(Annotated photo localization data)
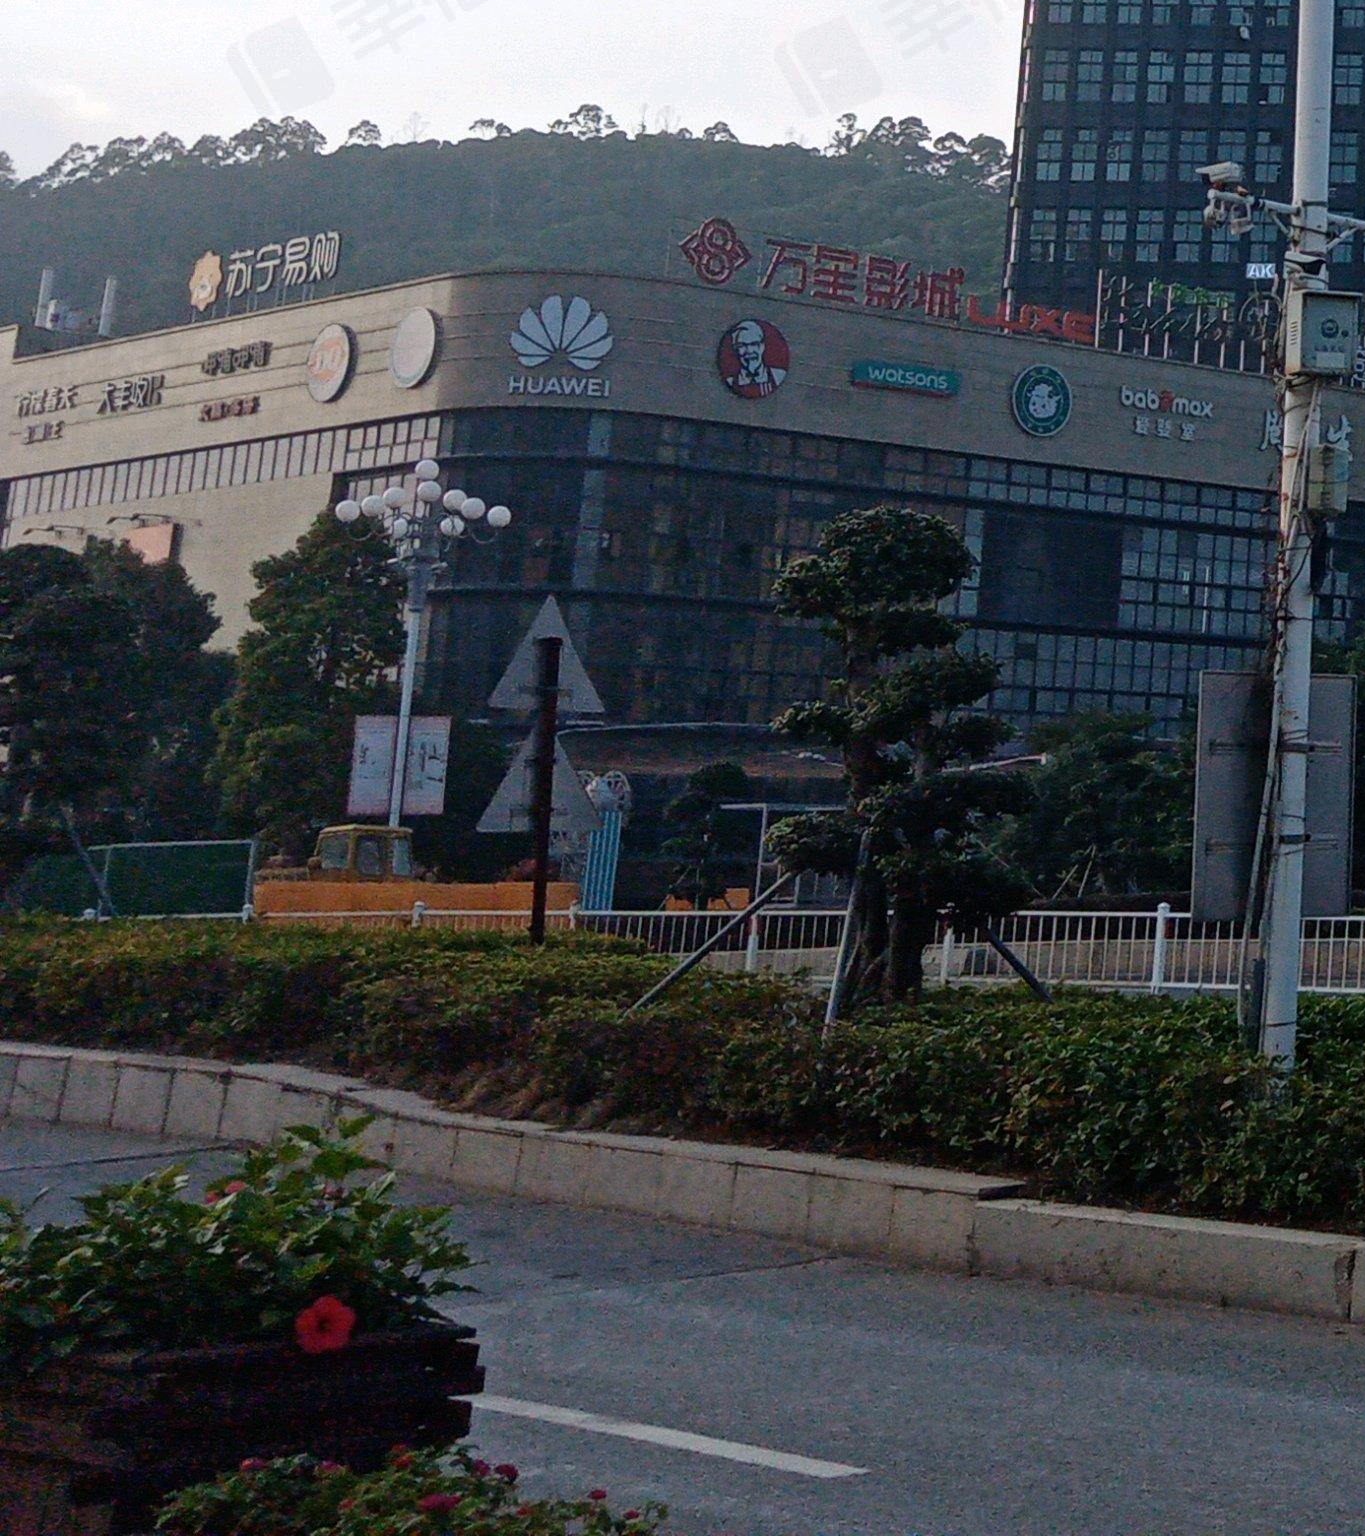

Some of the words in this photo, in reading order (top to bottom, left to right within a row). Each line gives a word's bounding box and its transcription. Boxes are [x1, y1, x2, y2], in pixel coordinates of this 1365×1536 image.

[225, 230, 341, 298] 苏宁易购
[508, 375, 611, 397] HUAWEI
[868, 364, 948, 390] watsons
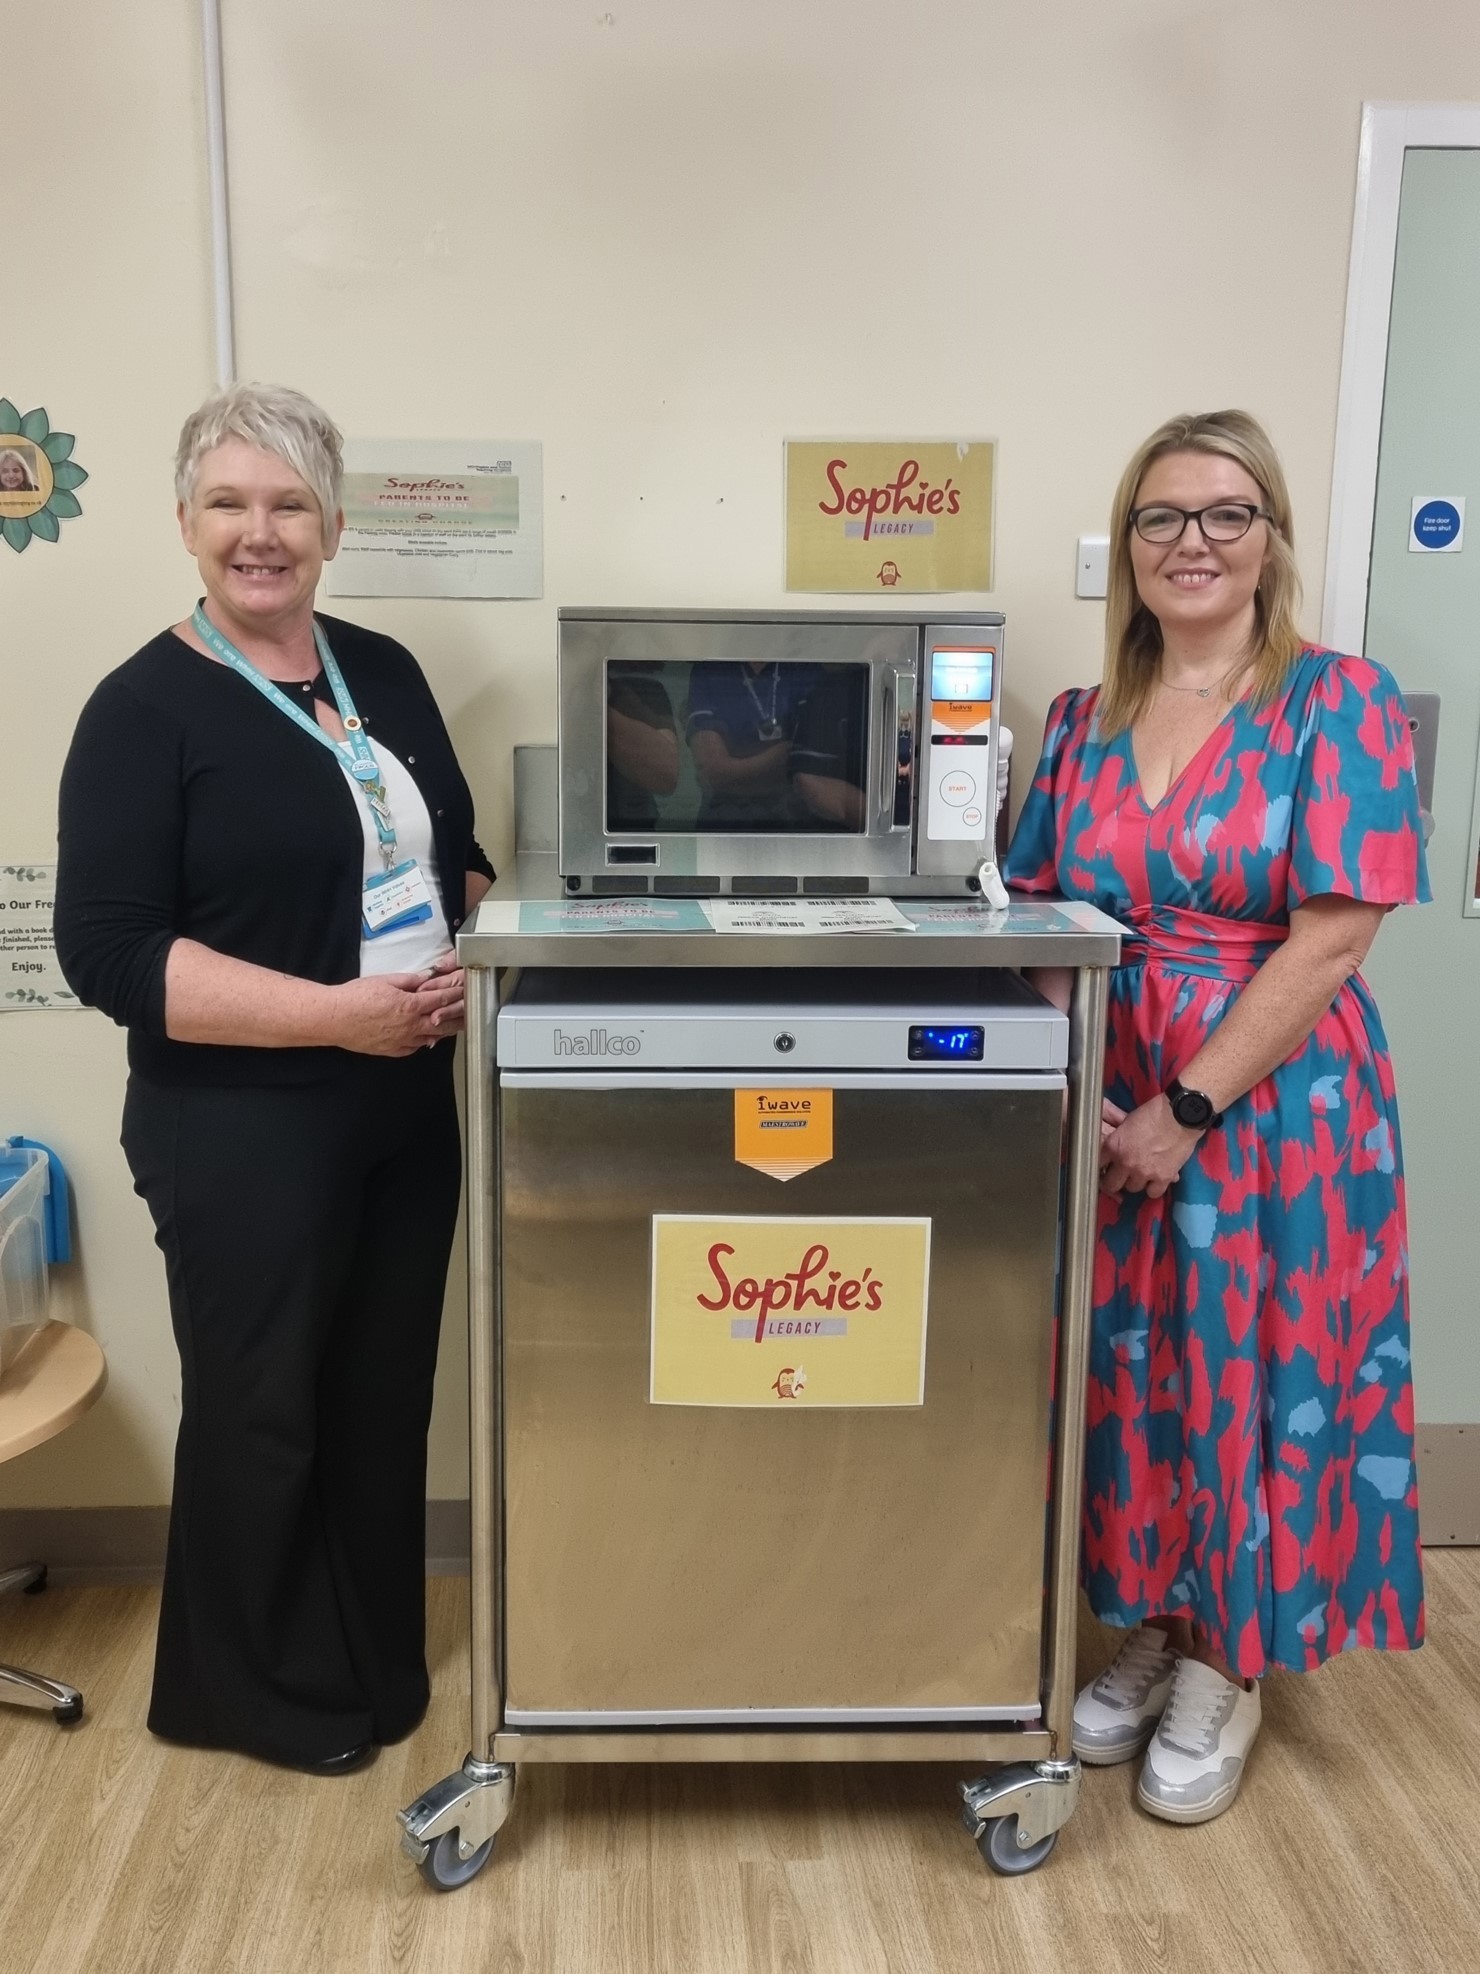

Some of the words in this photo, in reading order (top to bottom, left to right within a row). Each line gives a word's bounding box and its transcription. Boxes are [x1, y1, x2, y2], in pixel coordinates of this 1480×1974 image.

[384, 478, 465, 492] Sophie's
[818, 459, 961, 541] Sophie's
[873, 523, 914, 534] LEGACY
[10, 900, 31, 910] Our
[35, 899, 55, 909] Fre
[3, 936, 32, 944] finished,
[11, 961, 47, 973] Enjoy.
[553, 1028, 642, 1056] hallco
[756, 1095, 811, 1111] iwave
[697, 1242, 884, 1344] Sophie's
[768, 1321, 823, 1335] LEGACY

Work task
A word-for-word copy of all the data, without pictures, is the expected output.

Answer space
Some of the words in this photo, in reading order (top to bottom, left to right within a row). Each line gives a word's bounding box and its transcription. Boxes are [x1, y1, x2, y2], in pixel coordinates of this 1365×1536 image.

[225, 230, 341, 298] 苏宁易购
[508, 375, 611, 397] HUAWEI
[868, 364, 948, 390] watsons

Some of the words in this photo, in reading order (top to bottom, left to right within a row). Each line gives a word's bounding box and its transcription. Boxes are [x1, y1, x2, y2], in pixel coordinates of this 1480×1974 image.

[384, 478, 465, 492] Sophie's
[818, 459, 961, 541] Sophie's
[873, 523, 914, 534] LEGACY
[10, 900, 31, 910] Our
[35, 899, 55, 909] Fre
[3, 936, 32, 944] finished,
[11, 961, 47, 973] Enjoy.
[553, 1028, 642, 1056] hallco
[756, 1095, 811, 1111] iwave
[697, 1242, 884, 1344] Sophie's
[768, 1321, 823, 1335] LEGACY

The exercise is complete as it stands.